Sofort tippte Garry eine SMS-Nachricht an Fagrid. Er würde nach Cockwarts fahren um zu packen, Fagrid solle ihn anrufen, sobald es Neuigkeiten gäbe. Je näher sie dem Internat kamen, desto schlechter wurde der Empfang. In der Entfernung waren die Erker und Türmchen von Cockwarts zu erkennen, nur in wenigen Fenster brannte noch Licht. Ein letzter Reisebus kam ihnen entgegen, eskortiert von einem Polizeiwagen.
Der Junge blinzelte ins Dunkel,  erkannte niemanden hinter den beschlagenen Fenstern.

Sie bogen an Fagrids Hütte ab, die verlassen an der Mauer stand, die das Internat umgab, bogen in den Weg ein,  der zum Haupttor hinaufführte. Leander van Gey schaltete die Scheibenwischer an, als die flirrenden, im Scheinwerferlicht tanzenden Schneeflocken zu dicht wurden um durch die Scheibe noch etwas zu erkennen.
Sie hatten kaum ein Wort gewechselt und Garry war froh um daß Schweigen. Er wußte nicht was er mit seinem Kosmetiklehrer hätte reden sollen. Statt dessen starrte er in die blauschwarze Dunkelheit, die nur von wenigen Laternen etwas aufgehellt wurde. Eine Gestalt schien Nahe des Brunnens zu warten, zog sich jedoch zurück, als der Wagen näher kam. Als sie vor St. Constantines hielten, dessen Einfahrt eine dreckige Pfütze war aus Busspuren, schwarzem Schnee und wässrigem Matsch, war die Gestalt verschwunden.
Garry stieg aus.

***

Die Gänge, Treppen und Hallen des Internats waren verlassen. Garry schritt einsam hinauf ins Spiffydorm-Haus, vorbei an Überresten einer überhasteten Abreise. Einer Flucht, dachte er.
Fumblemore mochte noch von einer vorrübergehenden Maßnahme reden, einem Zugeständnis an die Behörden, die ein Zeichen forderten, die endlich Ruhe haben wollten und keine weiteren Skandale, aber als Garry durch die verwaisten Räume St. Constantines ging, spürte er mit jeder Faser, daß der Weg hier endete. Fumblemore war ein geschickter und einflußreicher Mann, aber sie würden ihm nicht erlauben, seine Schule weiterzuführen. Jene Schule die so vielen  ein Dorn im Auge war. Jene Schule für diese Kinder.

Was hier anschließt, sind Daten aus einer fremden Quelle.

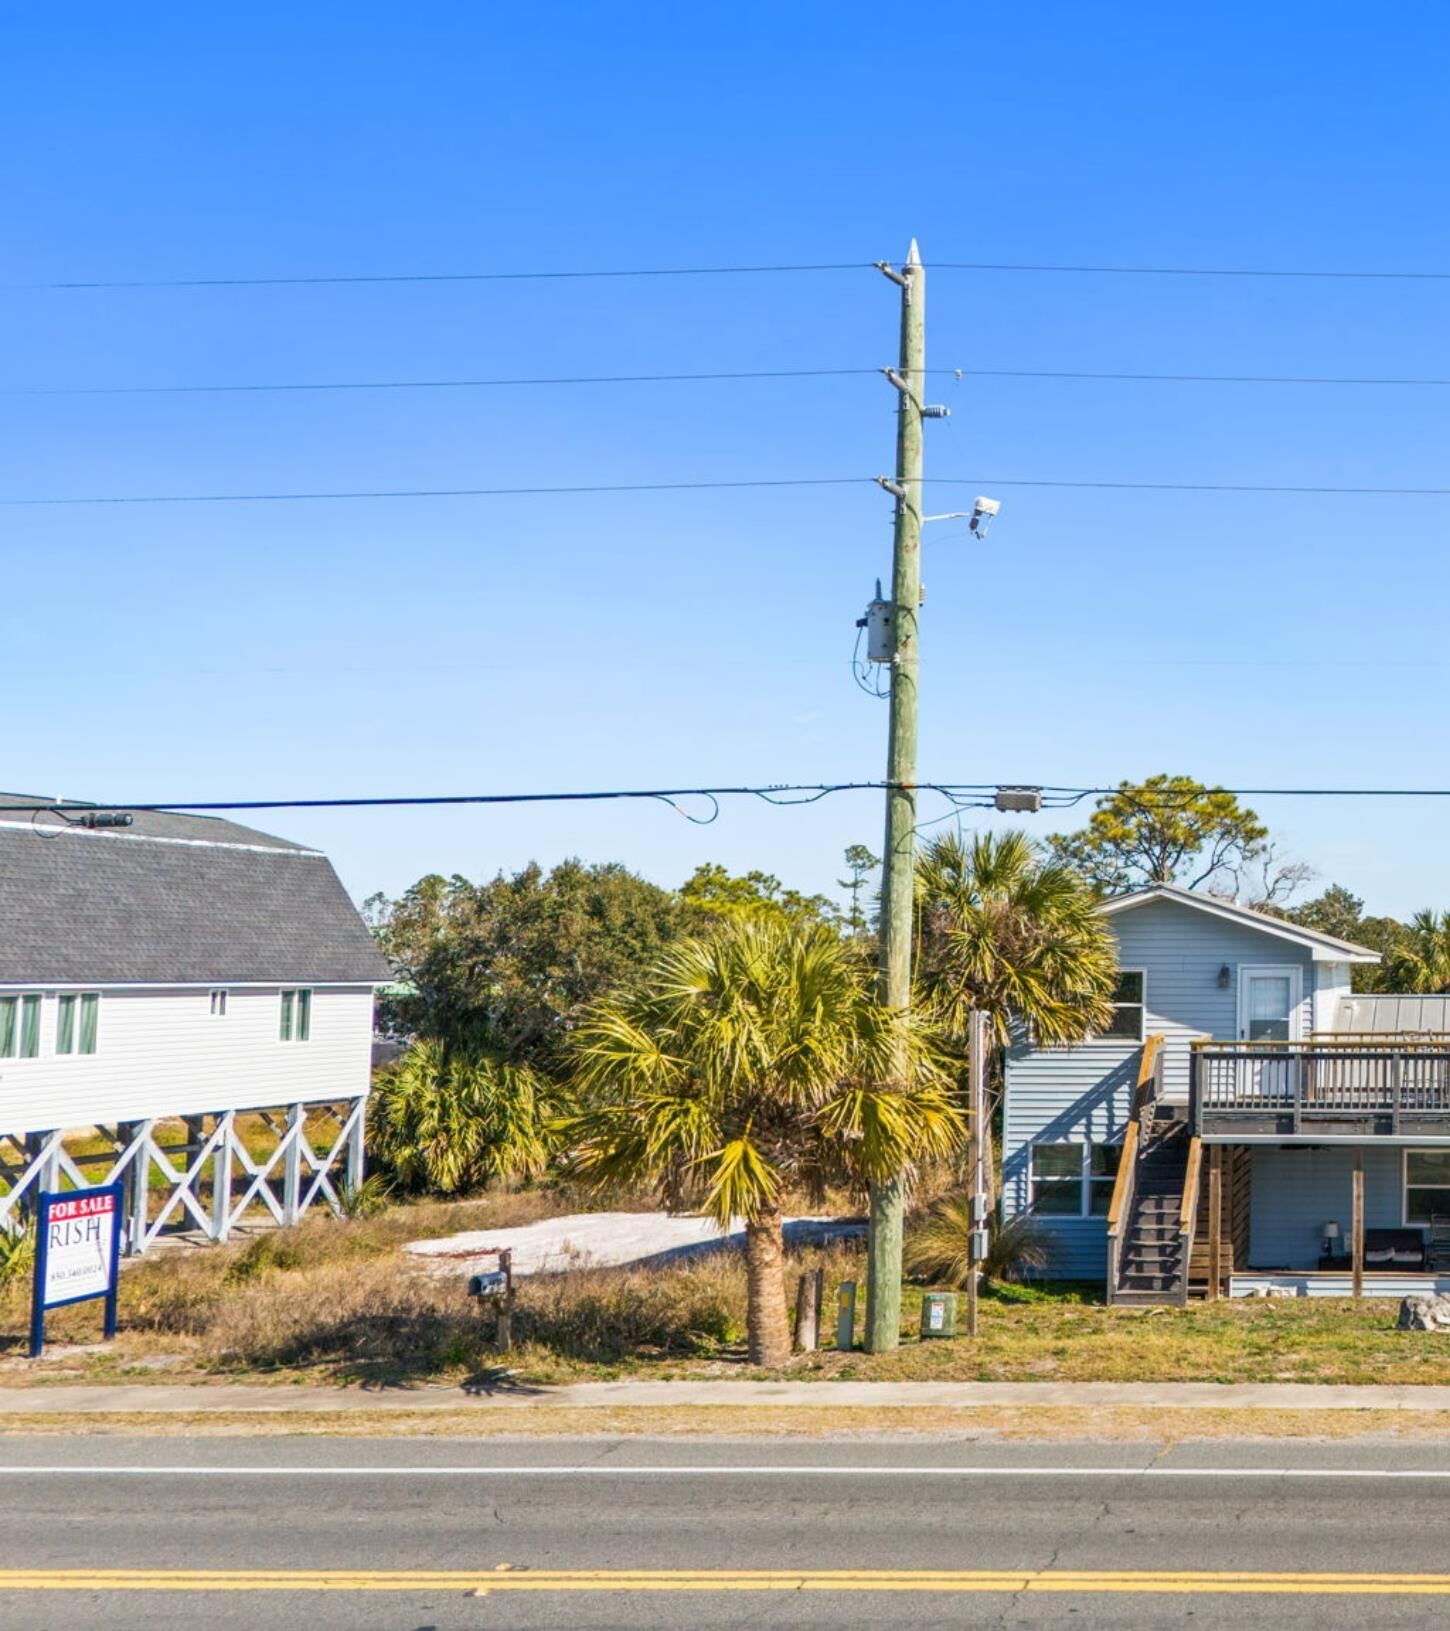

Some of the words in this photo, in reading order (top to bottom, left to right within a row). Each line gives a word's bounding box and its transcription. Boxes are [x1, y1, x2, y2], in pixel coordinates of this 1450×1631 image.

Viele Zimmertüren standen offen. In den Gängen waren Fußabdrücke von Dreck und Schnee zu sehen. Einige noch nicht ganz getrocknet. Binnen weniger Stunden hatten alle ihre Sachen zusammengerafft und waren mit Bussen weggekarrt worden. Kleidungsstücke, Bücher, Comichefte und Notizen waren zurückgeblieben, übersehen worden oder aus den Taschen geglitten. Sie waren müde Erinnerung an Garrys Schulkameraden.

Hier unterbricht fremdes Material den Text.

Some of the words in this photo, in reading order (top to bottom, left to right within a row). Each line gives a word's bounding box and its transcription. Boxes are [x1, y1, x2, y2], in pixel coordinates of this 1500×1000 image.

Als Garry sein Zimmer betrat, schaffte er es noch bis zum Bett, ehe ihm die Beine nachgaben, als er endlich das volle Ausmaß der Evakuierung realisierte. Erst unmerklich, dann immer schneller, war sein Leben aus dem Gleichgewicht geraten. Ein Kreisel, den ein kleiner Schubs ins Trudeln bringt, bis aus dem Schwanken ein Taumeln wird, ehe er endgültig zum Erliegen kommt. Der Anschlag auf Fagrids Haus. Die Schmierereien. Der Streit mit Tom. Der beinah Unfall dessen Ereignisse letztlich zu jener unglückseeligen Silvesternacht führten. Von diesem Moment, an war systematisch jede Normalität einer bizarren Anspannung gewichen, hatte sich nach und nach jede Gewissheit aufgelöst.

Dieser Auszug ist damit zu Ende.